Shares of Meta (META:NASDAQ) sank 4.1% after reaching an agreement over housing discrimination charges brought against the tech company by federal prosecutors.
In a filing in federal district court in New York, the Justice Department and federal housing officials accused Facebook of discriminating against users by race, gender, and other factors in its ads distribution systems.
In his statement from U.S. Attorney Damian Williams for the Southern District of New York accused Meta of violating the Fair Housing Act by developing and deploying technology that deprived users of housing opportunities based in whole or in part on protected characteristics
“It is illegal to deny someone housing or employment based on federally protected characteristics such as race, religion, and sex”, Williams said
Both government agencies agreed to settle housing discrimination charges against Meta, In exchange, Meta agreed to make changes to its advertising distribution systems, though with no admission of any liability.
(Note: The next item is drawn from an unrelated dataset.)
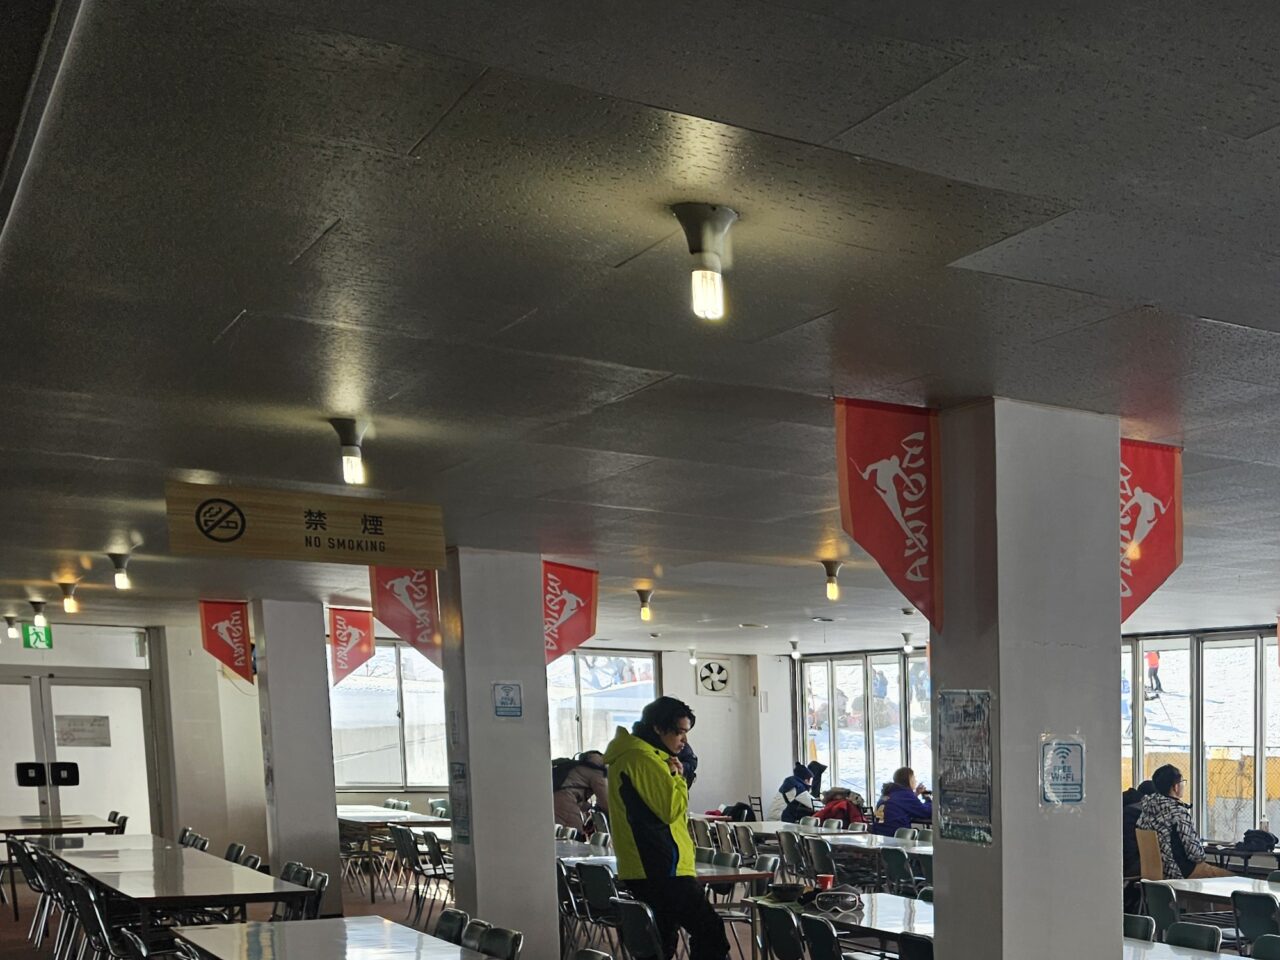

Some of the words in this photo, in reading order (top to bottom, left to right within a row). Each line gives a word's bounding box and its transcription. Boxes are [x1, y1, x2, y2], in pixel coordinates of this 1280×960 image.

[304, 508, 384, 536] 禁煙
[305, 535, 321, 548] NO
[327, 537, 386, 553] SMOKING
The Justice Department said the settlement marks the first time that Meta will be subject to court oversight for its ad targeting and delivery system.
“Because of this ground-breaking lawsuit, Meta will—for the first time— change its ad delivery system to address algorithmic discrimination. But if Meta fails to demonstrate that it has sufficiently changed its delivery system to guard against algorithmic bias, this office will proceed with the litigation,” Mr. Williams said.
In a statement, Meta said that it also plans to change its ads related to employment and credit in addition to housing.
“Discrimination in housing, employment, and credit is a deep-rooted problem with a long history in the U.S., and we are committed to broadening opportunities for marginalized communities in these spaces and others,” Meta said.
According to federal officials, Meta created an ad-targeting algorithm that would consider protected characteristics—including race, religion, and sex—to find Facebook users who mirrored the advertiser’s targeted audience.
In addition, officials alleged, that Meta’s ad delivery system has used algorithms that rely on protected characteristics to help determine which subset of an advertiser’s targeted audience will actually receive the ad, and which won’t.
The news is another slingshot at Meta’s public image which has been falling in recent times. Shares of the tech company fell to levels, not since April 2020. The settlement stokes fears about the increasing difficulty of social media companies to monetize targeted ads using personal data. Advertisers would pay less if targeting is compromised.
This could imply a slowdown in revenue in the coming quarters as the government goes hard on privacy policy against tech companies. Also, the tools need to improve its advertising distribution systems could take months before they come online.
The bigger macro risk against Meta to its ad revenue is the biting inflation and supply chain bottleneck which is affecting small companies, which make up the bulk of advertisers on Facebook. As rising costs begin to weigh down on these companies thereby slowing the pace of business, it would be increasingly difficult for small businesses to allocate more capital to advertising.
The notion that targeted advertising – Facebook’s core business model – is invaluable is fast fading away among investors. Increased government scrutiny on how the company uses its data has painted the company in a bad light. Meta’s Facebook and Instagram, are also facing severe competition from the likes of TikTok, Snapchat (SNAP:NYSE), and Google’s (GOOG:NASDAQ) YouTube shorts. Some analysts believe that the company’s pivot into metaverse and AR may be distracting it.
The result of these risk factors has cascaded into a wave of pessimism against the stock. Facebook has lost more than half its value so far this year, with its shares falling 53% YTD. The stock is off 60% from its all-time high and has dropped 18% in the past month, compared to Nasdaq’s 2% drop in the same period.